Он рассердился за «нетерпеливого мальчишку», хотя понимал, что она права, и, шагая за ней в спальню, терялся в догадках: все-таки что же она такое, эта непонятная женщина, в которой столько горечи?
Он скинул форму, надетую на голое тело. Карен, закрыв дверь, решительно повернулась к нему и протянула руки.
– Здесь, – сказала она. – Здесь и сейчас.
– Которая кровать Хомса, эта? – спросил он.
– Нет, та.
– Тогда иди туда.
– Прекрасно. – И она засмеялась в первый раз за все время, засмеялась от души. – Уж если наставлять рога, то со первому классу, да, Милт? Ты очень серьезно к этому относишься.
– Когда касается Хомса, я ко всему отношусь серьезно.
– Я тоже.
Уже близка была та недостижимая огненная вспышка, которая вбирала его в себя целиком, он уже чувствовал ее ослепляющее долгожданное приближение, и стон уже закипал в глубине горла, но вдруг на кухне громко хлопнула входная дверь.
– Слышишь? – шепнула Карен. – Кто-то пришел. Тише! – Им было слышно, как за стеной глухо и мерно ступают чьи-то ноги, никуда не сворачивая и не замедляя шаг. – Быстро! Возьми свои вещи, иди в чулан и закрой дверь. Скорее же, господи, скорее!
Тербер перепрыгнул через соседнюю кровать, сгреб в охапку форму, вошел в чулан и закрыл дверь. Карен, на ходу закутываясь в китайское шелковое кимоно, торопливо уселась перед туалетным столиком у окна, откуда сквозь ворота виднелись корпуса казарм. Когда в дверь постучали, она спокойно расчесывала волосы, но лицо у нее было белое как мел.
– Кто там? – спросила она, не понимая, дрожит у нее голос или нет.
– Это я, – ответил мальчишеский голос Дейне-младшего. Он снова требовательно постучал. – Открой.
Ее сын, миниатюрная копия Дейне Хомса-старшего, девятилетний мальчик в длинных брюках и гавайской рубашке навыпуск, вошел в спальню с угрюмым, злым лицом, какое часто бывает у детей, рожденных в законном мезальянсе.
– Сегодня в школе раньше отпустили, – сказал он угрюмо. – Ты почему такая бледная? Опять заболела? – спросил он, разглядывая лицо матери с неосознанной неприязнью, которую вызывают у здоровых детей постоянно болеющие люди, и с долей высокомерного мужского превосходства, перенятого им за последние год-два у отца.
– Я уже несколько дней неважно себя чувствую, – ответила Карен вполне искренне, стараясь не оправдываться.
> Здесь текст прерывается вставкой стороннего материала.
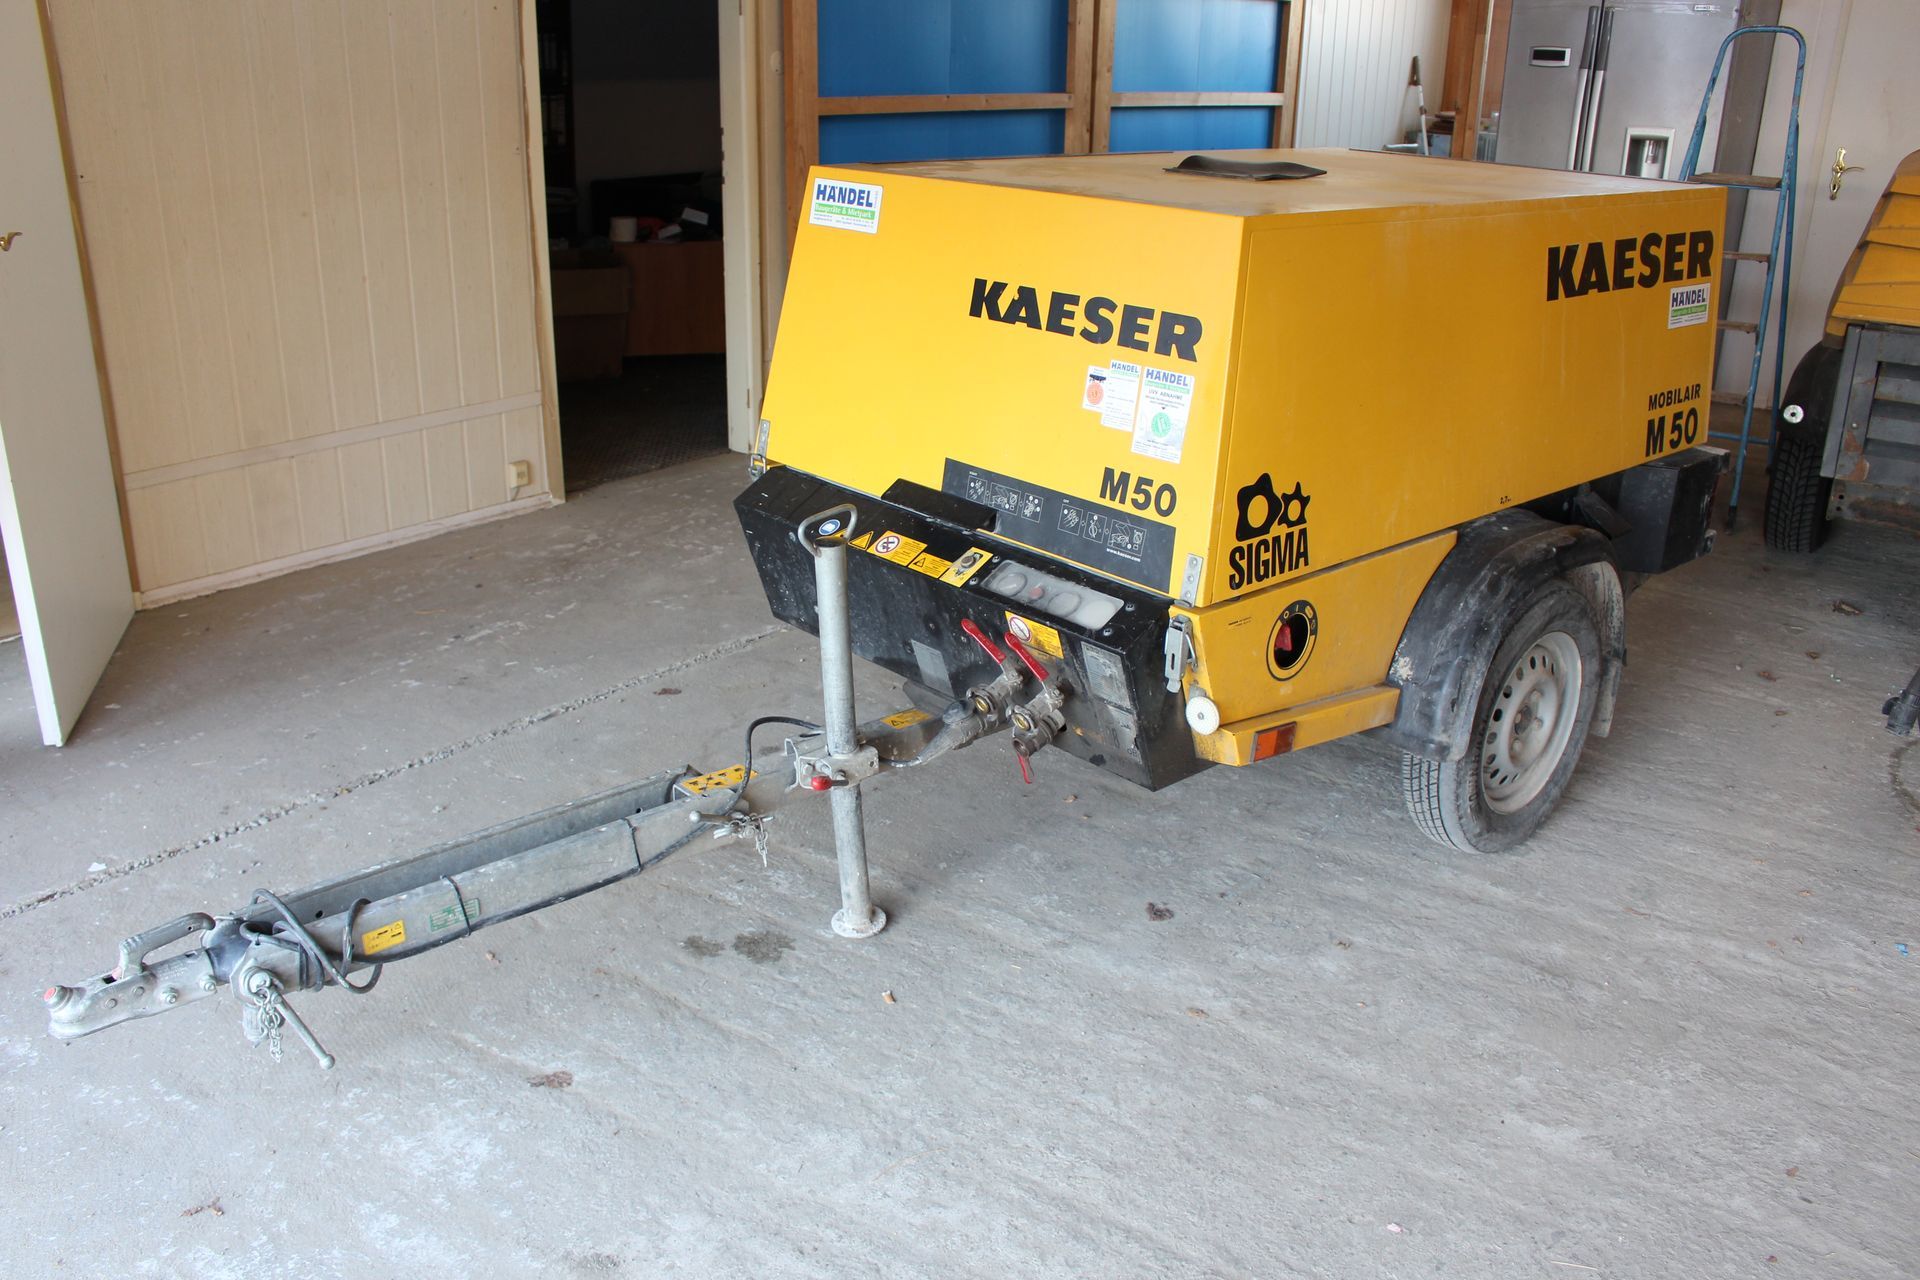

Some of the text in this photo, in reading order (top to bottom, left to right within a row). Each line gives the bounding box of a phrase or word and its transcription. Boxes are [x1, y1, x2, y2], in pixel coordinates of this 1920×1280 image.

[816, 184, 873, 208] HÄNDEL
[1546, 230, 1714, 301] KAESER
[968, 278, 1203, 362] KAESER
[1672, 288, 1706, 308] HÄNDEL
[1648, 383, 1701, 411] MOBILAIR
[1099, 466, 1177, 518] M50
[1229, 527, 1309, 591] SIGMA
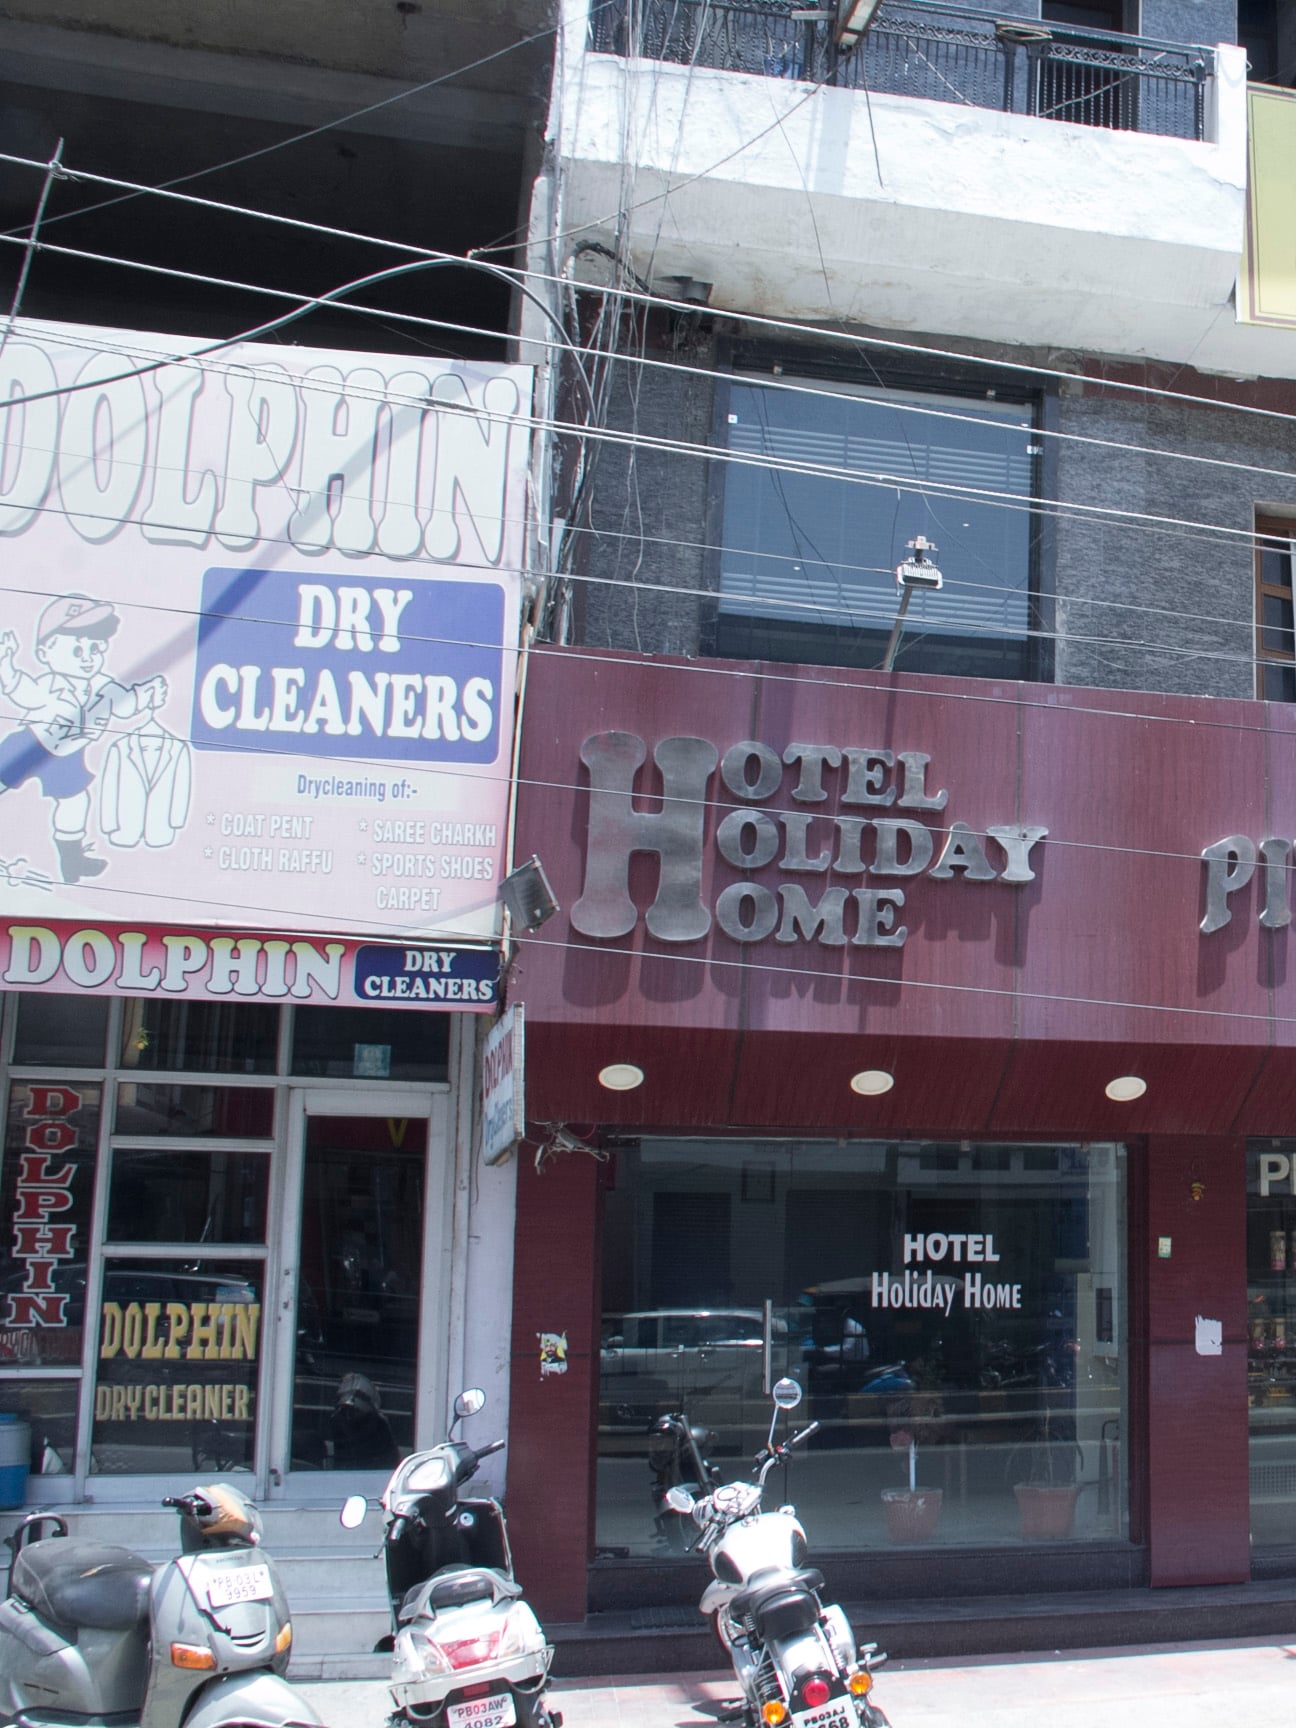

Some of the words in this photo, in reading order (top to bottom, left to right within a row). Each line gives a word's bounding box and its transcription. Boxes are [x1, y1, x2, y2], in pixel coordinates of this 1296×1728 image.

[293, 583, 414, 653] DRY
[200, 662, 495, 742] CLEANERS
[296, 774, 386, 802] Drycleaning
[220, 813, 266, 836] COAT
[269, 816, 314, 840] PENT
[373, 820, 425, 845] SAREE
[218, 846, 273, 871] CLOTH
[278, 850, 333, 874] RAFFU
[371, 853, 435, 878] SPORTS
[440, 857, 494, 880] SHOES
[376, 886, 441, 912] CARPET
[2, 924, 345, 1000] DOLPHIN
[403, 950, 458, 974] DRY
[363, 976, 494, 1001] CLEANERS
[5, 1085, 82, 1328] DOLPHIN
[903, 1232, 1001, 1265] HOTEL
[100, 1301, 261, 1361] DOLPHIN
[95, 1385, 143, 1422] DRY
[144, 1384, 251, 1421] CLEANER
Она смотрела на этого мальчика, который за один короткий год стал вылитый отец, и чувствуя, как вновь подступает знакомая дурнота, с брезгливостью думала о том, что это жесткое лицо с массивным подбородком, недавно еще по-детски круглое и улыбчивое, порождено ее собственной плотью. Она смотрела на мальчика и неожиданно перестала ощущать вину за то, что в чулане прячется мужчина, в душе у нее осталась только глухая досада, что приходится таиться, как старшеклассник, крадущийся задворками в публичный дом к своей первой проститутке.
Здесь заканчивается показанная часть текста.